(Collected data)

--

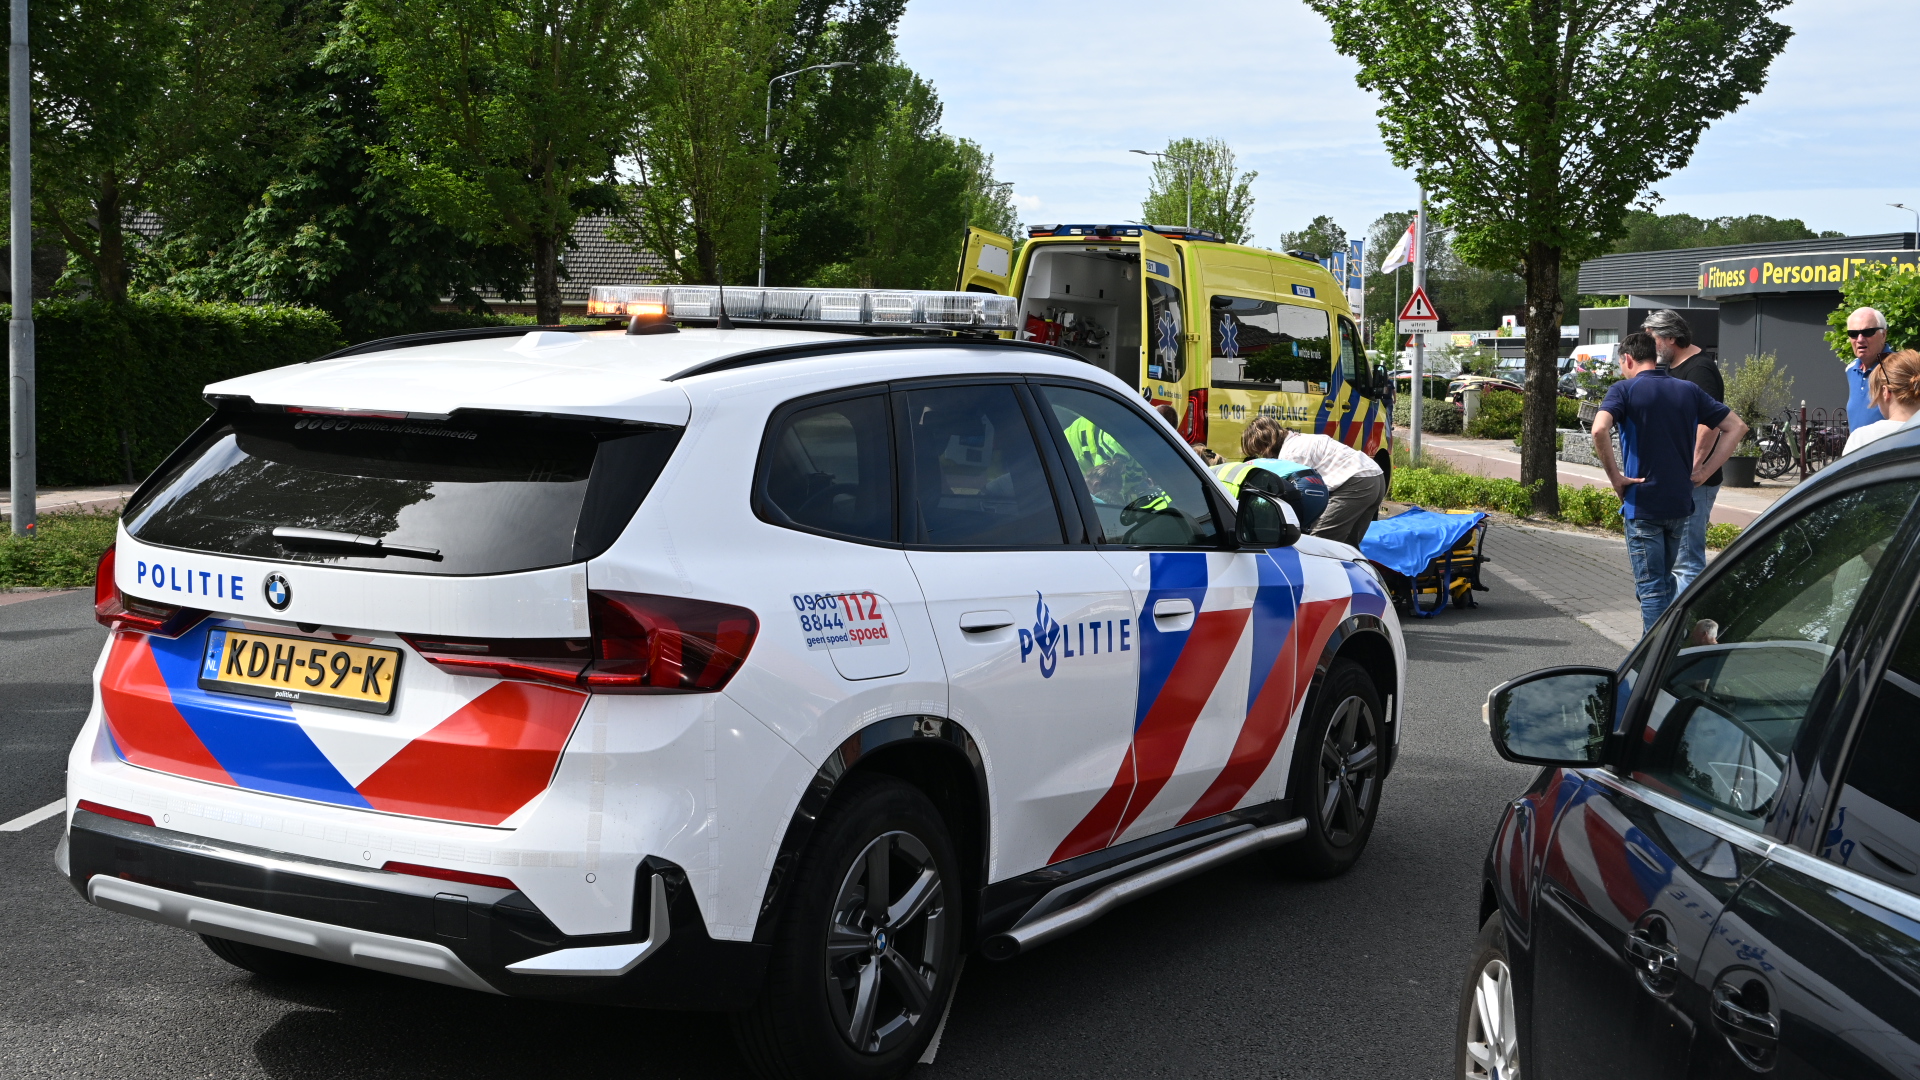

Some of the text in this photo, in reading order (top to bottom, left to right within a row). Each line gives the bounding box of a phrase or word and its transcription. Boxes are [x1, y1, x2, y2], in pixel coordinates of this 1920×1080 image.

[1709, 266, 1745, 288] Fitness
[1219, 404, 1245, 420] 10-181
[1258, 405, 1308, 421] AMBULANCE
[350, 421, 477, 440] politie.nl/socialmedia
[137, 561, 244, 601] POLITIE
[793, 593, 837, 612] 0900
[838, 591, 882, 621] 112
[800, 613, 844, 632] 8844
[807, 633, 848, 647] geen spoed
[849, 622, 888, 645] spoed
[206, 660, 217, 671] NL
[226, 638, 386, 695] KDH-59-K
[275, 691, 300, 699] politie.nl
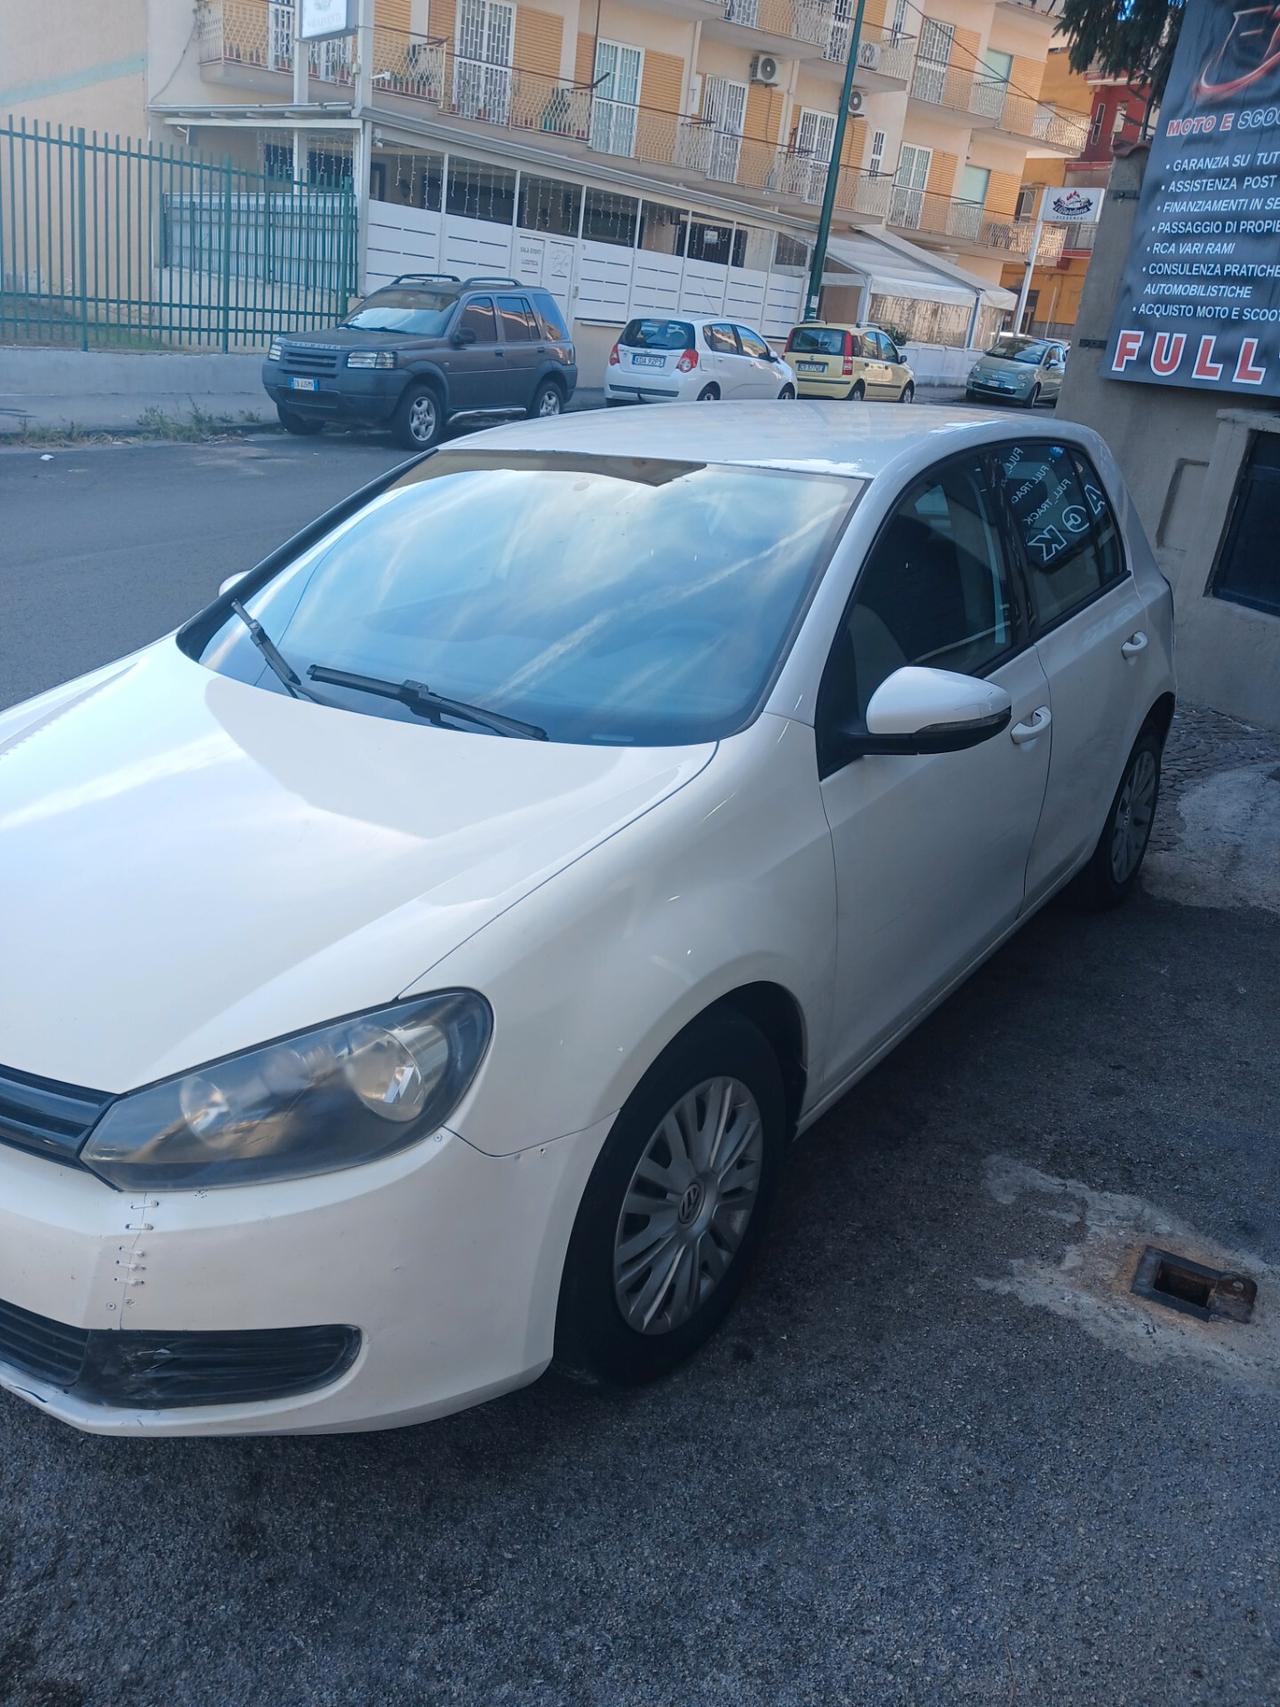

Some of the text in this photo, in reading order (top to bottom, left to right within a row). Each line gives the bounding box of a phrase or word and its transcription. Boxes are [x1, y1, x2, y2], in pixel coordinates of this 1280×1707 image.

[1166, 115, 1217, 137] MOTO
[1219, 113, 1235, 131] E
[1173, 155, 1230, 172] GARANZIA
[1232, 153, 1251, 168] SU
[1168, 174, 1278, 193] ASSISTENZA POST
[1163, 198, 1249, 213] FINANZIAMENTI
[1249, 197, 1264, 211] IN
[1157, 221, 1222, 234] PASSAGGIO
[1225, 220, 1237, 233] DI
[1152, 242, 1236, 255] RCA VARI RAMI
[1148, 262, 1221, 276] CONSULENZA
[1143, 283, 1253, 299] AUTOMOBILISTICHE
[1138, 303, 1194, 318] ACQUISTO
[1195, 305, 1229, 319] MOTO
[1231, 306, 1241, 320] E
[1111, 329, 1267, 385] FULL

--

Please print each of the records word for word, keeping the pictures out.

* **Reply to the exercise**
Some of the text in this photo, in reading order (top to bottom, left to right within a row). Each line gives the bounding box of a phrase or word and its transcription. Boxes are [x1, y1, x2, y2], in pixel coordinates of this 1920×1080 image.

[1709, 266, 1745, 288] Fitness
[1219, 404, 1245, 420] 10-181
[1258, 405, 1308, 421] AMBULANCE
[350, 421, 477, 440] politie.nl/socialmedia
[137, 561, 244, 601] POLITIE
[793, 593, 837, 612] 0900
[838, 591, 882, 621] 112
[800, 613, 844, 632] 8844
[807, 633, 848, 647] geen spoed
[849, 622, 888, 645] spoed
[206, 660, 217, 671] NL
[226, 638, 386, 695] KDH-59-K
[275, 691, 300, 699] politie.nl

Some of the text in this photo, in reading order (top to bottom, left to right within a row). Each line gives the bounding box of a phrase or word and its transcription. Boxes are [x1, y1, x2, y2], in pixel coordinates of this 1280×1707 image.

[1166, 115, 1217, 137] MOTO
[1219, 113, 1235, 131] E
[1173, 155, 1230, 172] GARANZIA
[1232, 153, 1251, 168] SU
[1168, 174, 1278, 193] ASSISTENZA POST
[1163, 198, 1249, 213] FINANZIAMENTI
[1249, 197, 1264, 211] IN
[1157, 221, 1222, 234] PASSAGGIO
[1225, 220, 1237, 233] DI
[1152, 242, 1236, 255] RCA VARI RAMI
[1148, 262, 1221, 276] CONSULENZA
[1143, 283, 1253, 299] AUTOMOBILISTICHE
[1138, 303, 1194, 318] ACQUISTO
[1195, 305, 1229, 319] MOTO
[1231, 306, 1241, 320] E
[1111, 329, 1267, 385] FULL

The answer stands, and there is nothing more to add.